[Raw data]
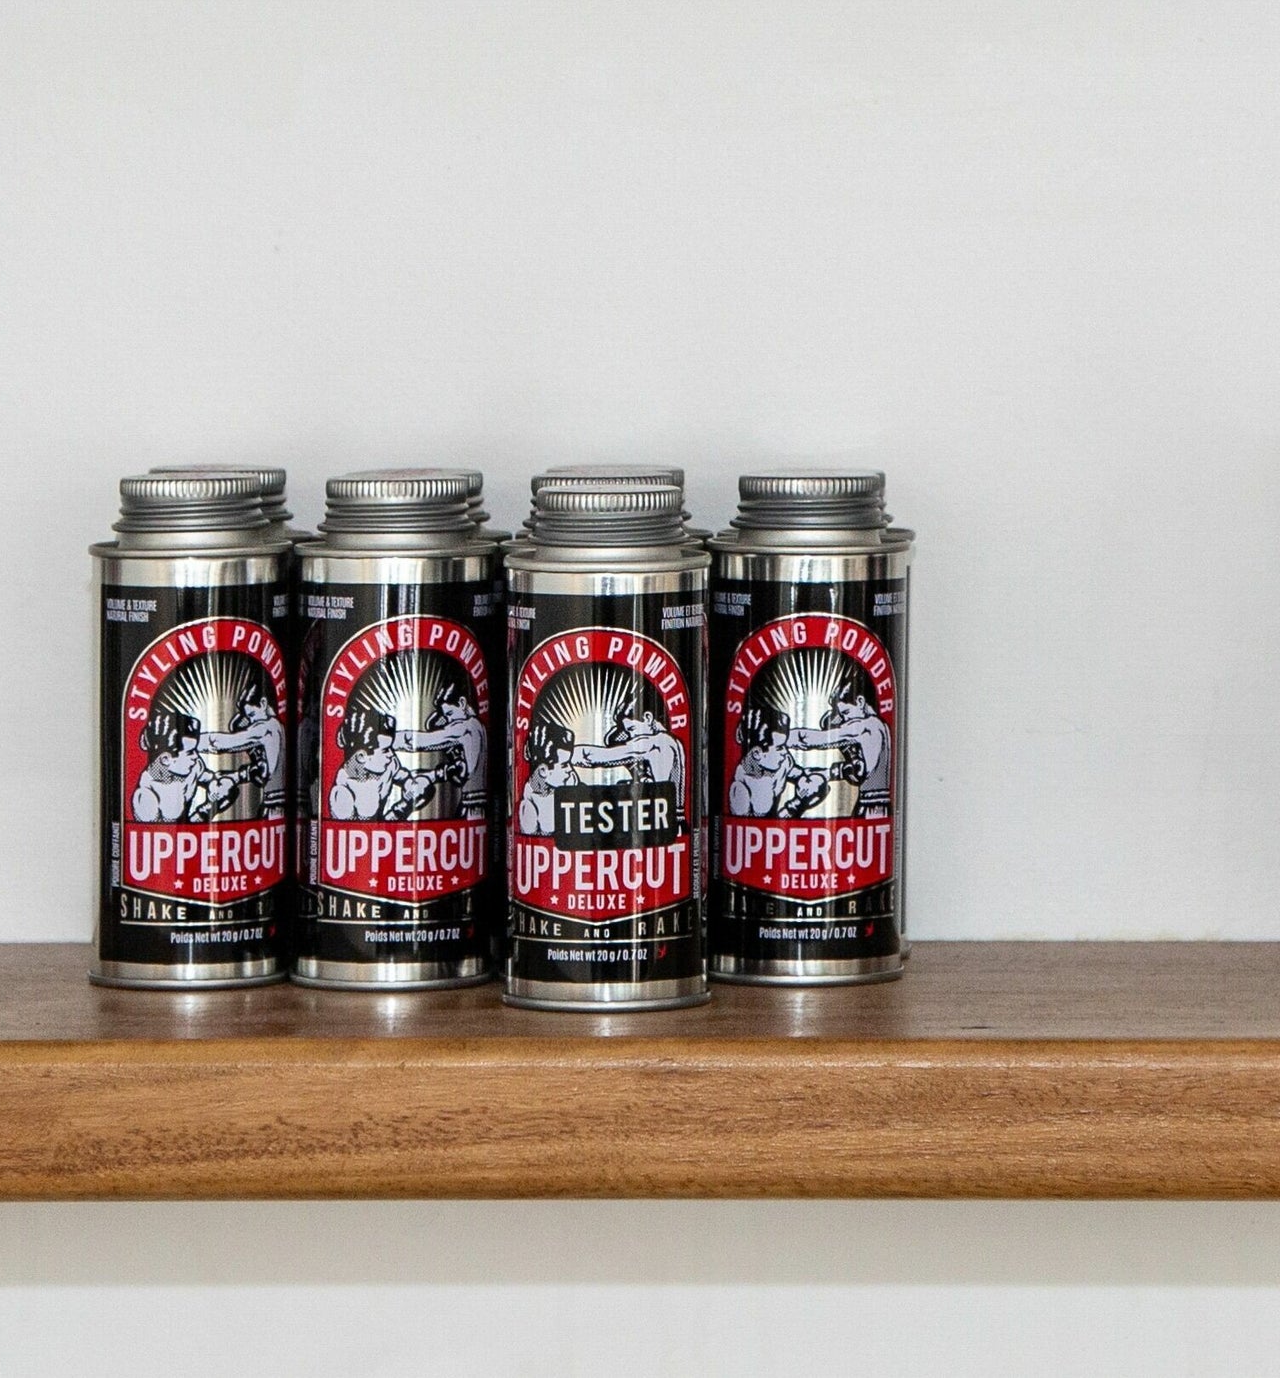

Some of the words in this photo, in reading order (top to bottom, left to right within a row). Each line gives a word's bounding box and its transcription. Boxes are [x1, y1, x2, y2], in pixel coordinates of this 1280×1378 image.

[129, 625, 216, 720] STYLING
[231, 626, 287, 714] POWDER
[326, 624, 413, 718] STYLING
[429, 625, 489, 714] POWDER
[517, 636, 590, 730] STYLING
[607, 636, 687, 730] POWDER
[727, 623, 807, 714] STYLING
[824, 622, 893, 714] POWDER
[561, 798, 669, 834] TESTER
[129, 828, 286, 882] UPPERCUT
[326, 826, 487, 880] UPPERCUT
[517, 844, 686, 895] UPPERCUT
[725, 826, 890, 875] UPPERCUT
[192, 876, 247, 893] DELUXE
[387, 874, 444, 891] DELUXE
[567, 894, 626, 909] DELUXE
[781, 873, 839, 888] DELUXE
[120, 897, 188, 920] SHAKE
[208, 909, 234, 920] AND
[318, 896, 381, 919] SHAKE
[403, 909, 429, 919] AND

[What you have to do] Please transcribe the whole listing above exactly, with the images left out.

[Solution for this task]
Some of the words in this photo, in reading order (top to bottom, left to right within a row). Each line gives a word's bounding box and its transcription. Boxes are [x1, y1, x2, y2], in pixel coordinates of this 1280×1378 image.

[129, 625, 216, 720] STYLING
[231, 626, 287, 714] POWDER
[326, 624, 413, 718] STYLING
[429, 625, 489, 714] POWDER
[517, 636, 590, 730] STYLING
[607, 636, 687, 730] POWDER
[727, 623, 807, 714] STYLING
[824, 622, 893, 714] POWDER
[561, 798, 669, 834] TESTER
[129, 828, 286, 882] UPPERCUT
[326, 826, 487, 880] UPPERCUT
[517, 844, 686, 895] UPPERCUT
[725, 826, 890, 875] UPPERCUT
[192, 876, 247, 893] DELUXE
[387, 874, 444, 891] DELUXE
[567, 894, 626, 909] DELUXE
[781, 873, 839, 888] DELUXE
[120, 897, 188, 920] SHAKE
[208, 909, 234, 920] AND
[318, 896, 381, 919] SHAKE
[403, 909, 429, 919] AND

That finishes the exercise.